I am a new user to imageJ and I’m trying to do some basic image processing. My goal is to measure the area/size of a cell aggregate located in the center of my image. The issue is my data set consists of very low contrast objects with my object of interest, the cell aggregate, having a similar intensity to the background. When I attempt to threshold the image it doesn’t select my object. What is the best way to get around this?

Thanks,

L

1 Like

I don’t know if I understood your problem right (not to measure the individual cells but the cell aggregate).

However to extract the aggregate in the center of the image you can apply
the “Process->Find Edges” action which gives you the following result:

Then you can apply a Gaussian Blur filter “Process->Filters->Gaussian Blur” (or try the Median filter) to work out the center structure:

Finally convert the image to a binary for measuring “Process->Binary->Make Binary”:

Use the Wand tool (in the toolbar) to select the ring or the center to make some measurements or use the Particle Analyzer to exclude particles of a certain size and automize the whole procedure on a folder of images.

Here is the recorded macro of all steps (use “Plugins->New->Macro” and paste the following lines):

run("Find Edges");
run("Gaussian Blur...", "sigma=4");
setOption("BlackBackground", true);
run("Make Binary");

Play with some filters and their adjustments to get more appropriate results! If you need a more fine grained area you can also work with a threshold instead of the edges procedure and then work with some filters to get an satisfying result.

In my example you can at least estimate an area in which the aggregation occurs.

6 Likes

Hello Bio7,

Thank you for the prompt reply! This method works very well for what I’m trying to do, thanks for the help!
I do have one additional question. When I am trying to automate the particle analysis to measure the aggregate size I would like to exclude the “white halo” of cells and select only the centre “black mass,” as it stands, when I attempt particle analysis it will select the white halo of cells as a single object which includes the central mass. My understanding is that the wand tool selects the largest object first, that isn’t background, and defines that as a single object.
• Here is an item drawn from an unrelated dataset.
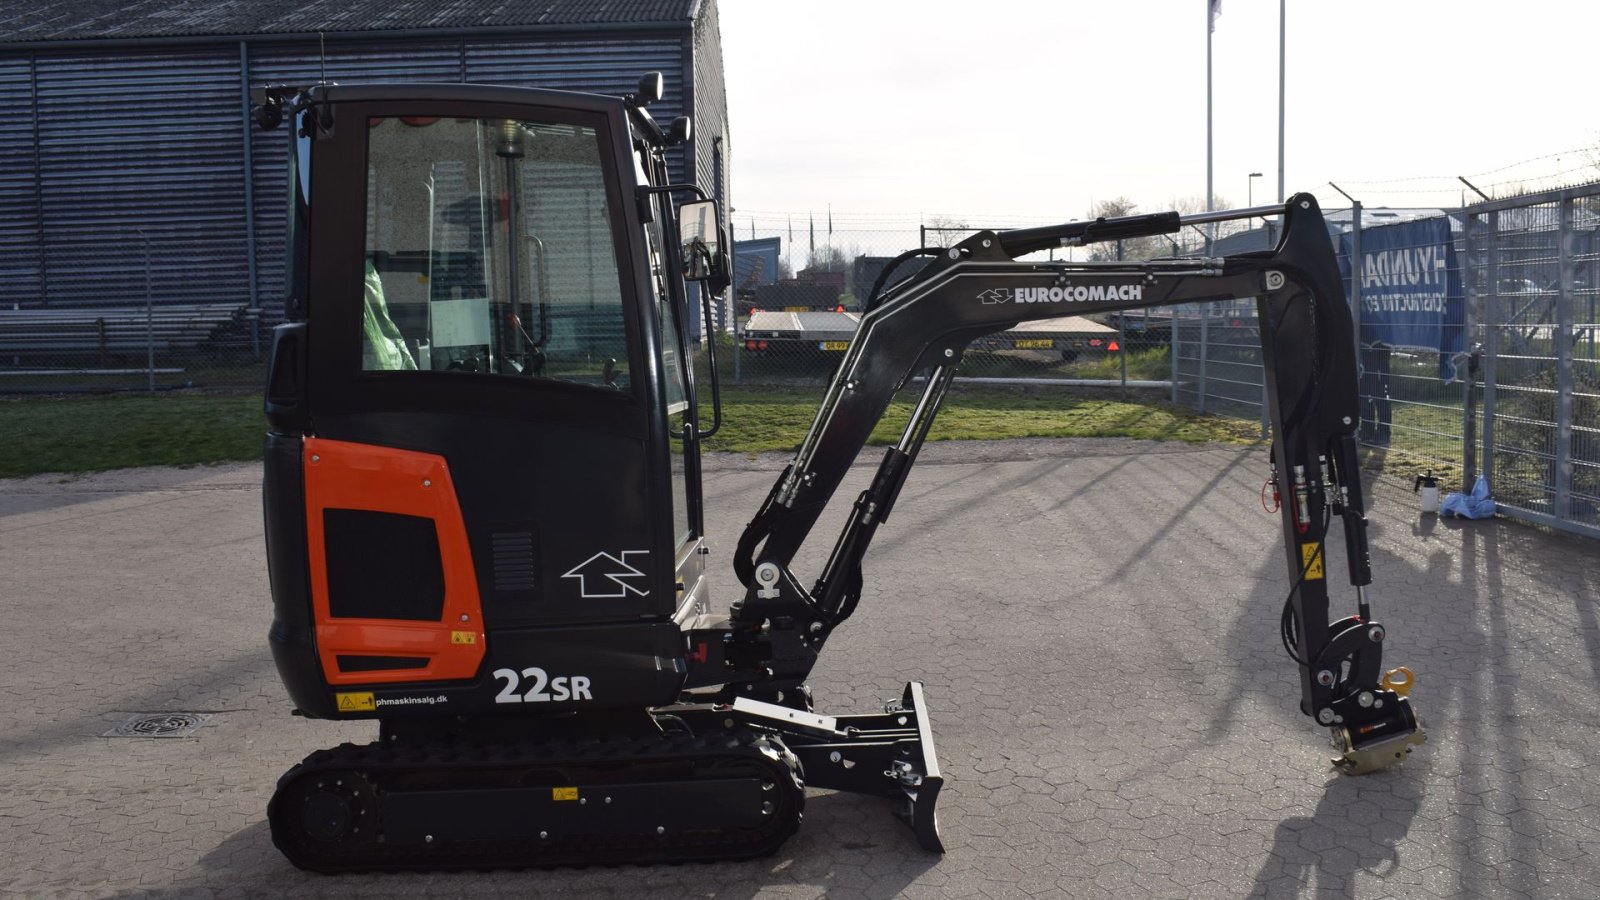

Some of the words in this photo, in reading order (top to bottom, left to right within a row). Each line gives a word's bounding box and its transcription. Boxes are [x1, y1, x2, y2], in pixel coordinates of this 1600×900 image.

[1014, 284, 1143, 304] EUROCOMACH
[492, 667, 593, 703] 22SR
[376, 695, 448, 708] phmaskinsalg.dk
What would you do to select just a the centre object? I would also be interested in including the white halo of cells in my analysis to get an idea of cells that aren’t incorporated into the aggregate.

Thanks,

L

If you don’t want to use the Wand tool and automize the analysis you can e.g. invert the image “Edit->Invert” to measure the center area with the Particle Analysis and also exclude smaller areas (noise) with the “Size” or the “Circularity” options:

https://imagej.net/docs/guide/146-30.html#sub:Analyze-Particles

For a description of the Wand Tool (which works for me manually, too) see:

https://imagej.net/docs/guide/146-19.html#sub:Wand-Tool

Hello,

it’s me again. this work flow has been working out great for most of my images but here are some examples where it hasn’t been working as well.

(1) Small aggregates with very low border contrast. These are aggregates at an early stage and I would like to measure the size of these as well. When I perform the find edge -> gaussian blur the result is a poor detection of the aggregate.


Original


Gaussian Blur Sigma = 4


Gaussian Blur Sigma = 1


Outlined Aggregate

(2) When the aggregate is not surrounded by a bed of cells. The bed of cells helps in identifying the object, but when it is not present the aggregate merges with the background. This also leads to issues where non-aggregate regions are incorporated into the final object.


Example 1 - Original


Example 1 - Processed


Example 2 - Original


Example 2 - Processed


Example 2 - Analysis

I’ve tried to play around with different filters and also trying to threshold the object but I haven’t been able to replicate the workflow of find edge -> gaussian blur. Any help would be appreciated.

Thanks

1 Like

Those are really tough! I played around with a couple of things quickly (e.g., Morphological Segmentation) but in my naive hands, it seems like there is no chance. Did you try Trainable Weka Segmentation yet?

thanks for the suggestion. I’ll give it a shot and let you know.